November 17th, 2004


(no subject)

So, my last D&D session ended with my PCs knowing that they were going to have a fight on the next game day, with salamander opponents that are able and willing to talk beforehand.

The result of having time to prepare and opponents that can be talked with is that my players have generated quite a lot of e-mail discussing battle plans and ancient history.

I like it. It shows that the players are engaged.

D&D: Sending the campaign pear-shaped

So with Saturday's game session, I have two major opportunities to send the game on a big twist... and possibly make things go horribly awry.

One opportunity is the enhancement of Turok's sword Kotara-nar that they've come for. This is a big deal and has been an ongoing theme of the campaign, so I am planning to lay on all the trimmings and make it a really super-nifty sword.

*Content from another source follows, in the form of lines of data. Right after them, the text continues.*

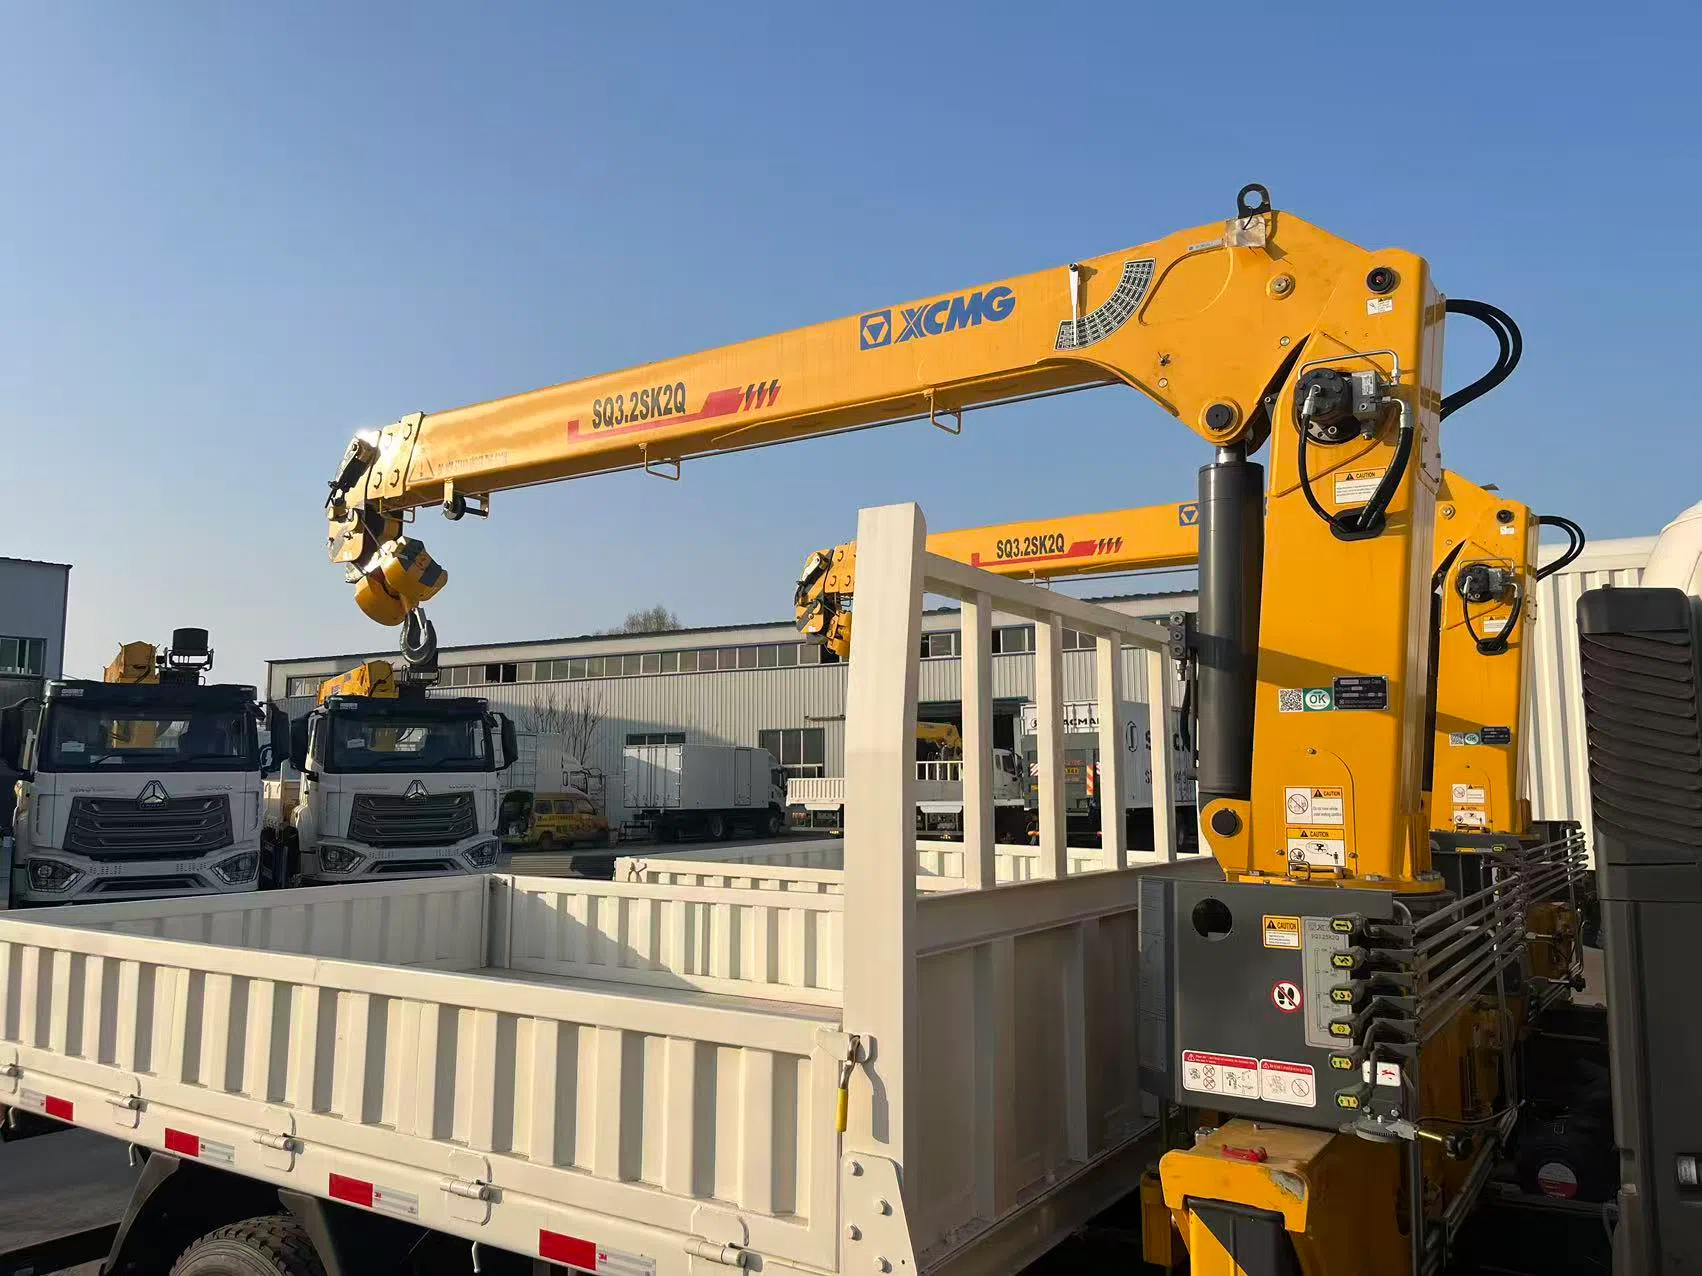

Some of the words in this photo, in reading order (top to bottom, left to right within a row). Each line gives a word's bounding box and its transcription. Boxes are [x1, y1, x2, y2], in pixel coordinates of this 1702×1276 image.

[894, 286, 1016, 344] XCMG
[592, 381, 686, 429] SQ3.2SK2Q
[996, 533, 1065, 559] SQ3.2SK2Q
[1309, 694, 1327, 704] OK
[1276, 921, 1297, 930] CAUTION

The opportunity for suck here is the potential loss of game balance. In terms of the gp values for items, Kotara-Nar will be much more valuable than the guidelines for a character of the party's level. I don't want to spoil fun for other people by making Kotara-Nar the answer to all problems--or even just the answer to all problems requiring violence.

The other opportunity for leading things astray is that I am expecting the PCs to meet up with an Oracle. Now, often oracles are vague and cryptic, and I've certainly had a number of cryptic oracularities already. But I'd like to avoid that this time; I'd like to make this Oracle both able and willing to provide a lot of information.

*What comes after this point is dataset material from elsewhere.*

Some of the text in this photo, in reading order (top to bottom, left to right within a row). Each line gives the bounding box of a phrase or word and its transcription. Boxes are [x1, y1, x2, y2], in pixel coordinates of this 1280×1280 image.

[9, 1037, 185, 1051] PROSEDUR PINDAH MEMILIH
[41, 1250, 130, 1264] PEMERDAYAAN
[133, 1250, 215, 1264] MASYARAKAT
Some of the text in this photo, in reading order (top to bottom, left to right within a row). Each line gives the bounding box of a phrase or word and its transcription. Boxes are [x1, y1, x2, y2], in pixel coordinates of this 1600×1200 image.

The opportunity for suck there is that I might dilute the suspense of the game by spelling out all the remaining plot. (Spelling out the plot isn't necessarily bad, but making the game less fun is the great badness.)

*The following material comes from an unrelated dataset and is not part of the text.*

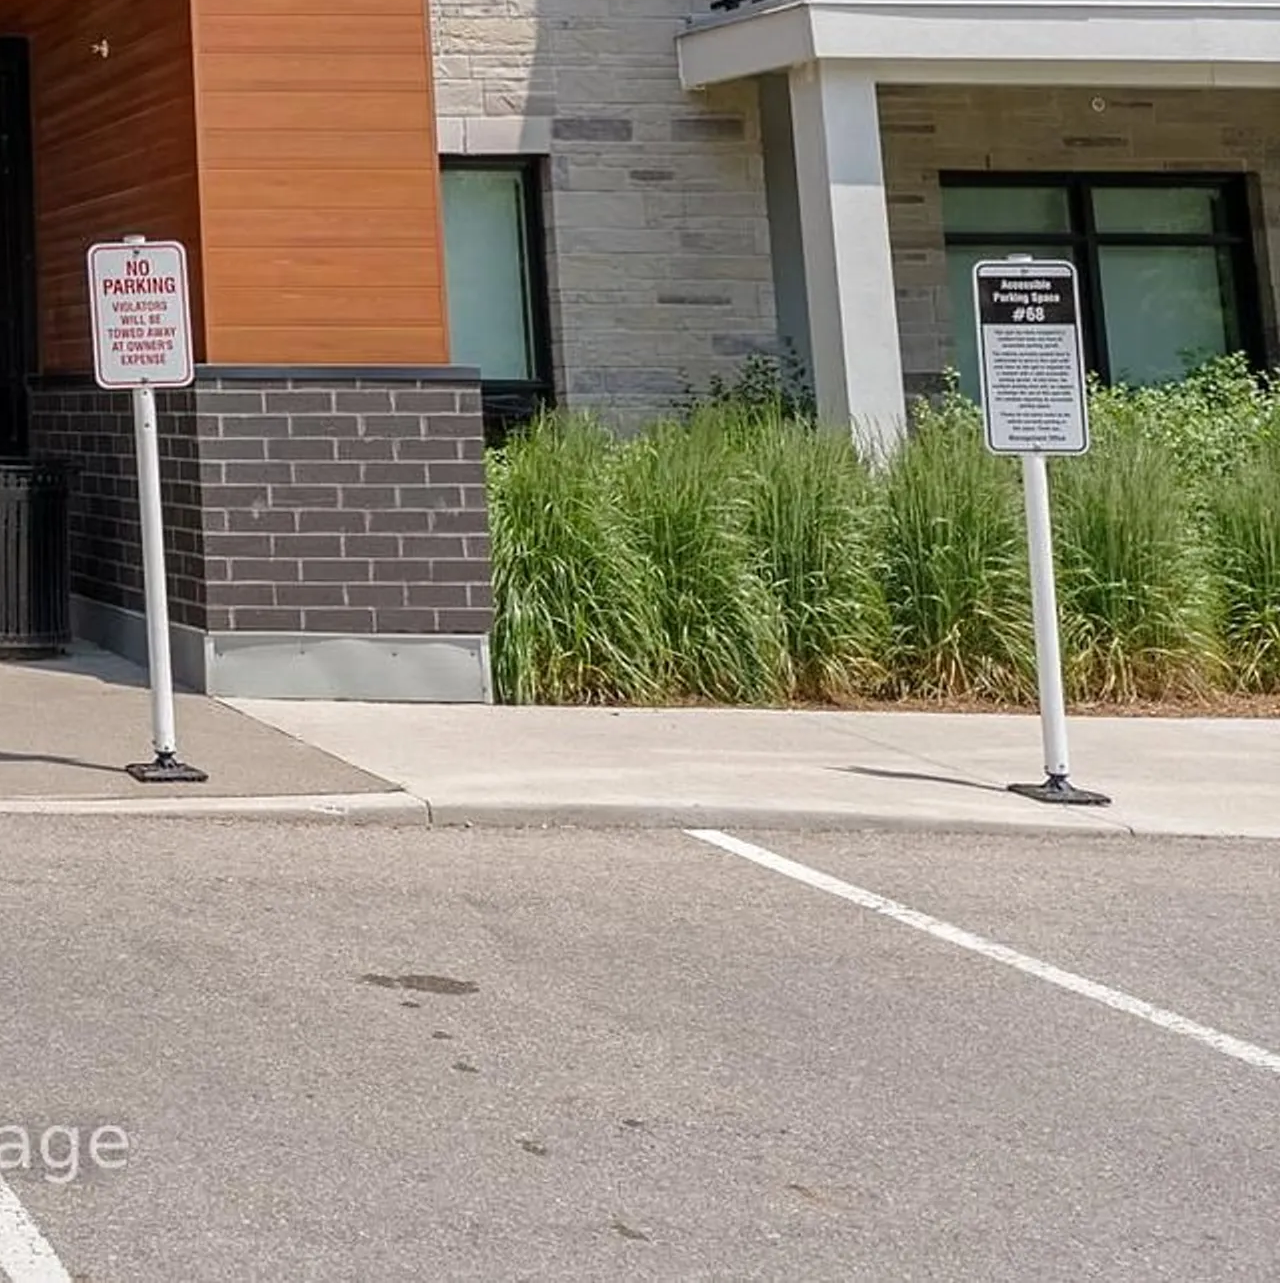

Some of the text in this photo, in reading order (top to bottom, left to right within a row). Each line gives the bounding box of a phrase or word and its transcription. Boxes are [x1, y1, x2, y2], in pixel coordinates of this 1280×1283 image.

I do have some ideas about this.
- I could limit the Oracle to the divinations listed in the monster entry, which do not include things like discern location. That would make her much less potent, but also much less able to quash the mystery.
- bruceb made the excellent suggestion of covering lots of backstory and having the predictions of the future be one clear and portentous scene without detailing how to get there. I like this idea a lot--but I worry that it might run counter to my goal of having the Oracle be relatively straightforward and clear.

The biggest positive factor that lets me consider taking this risk at all is that all my players are of good will, and all are willing to attempt these risky things with me and help make them come out well. (This is part of why I'm talking about it publicly on LJ; I'm particularly interested in their opinions about how to do this well.)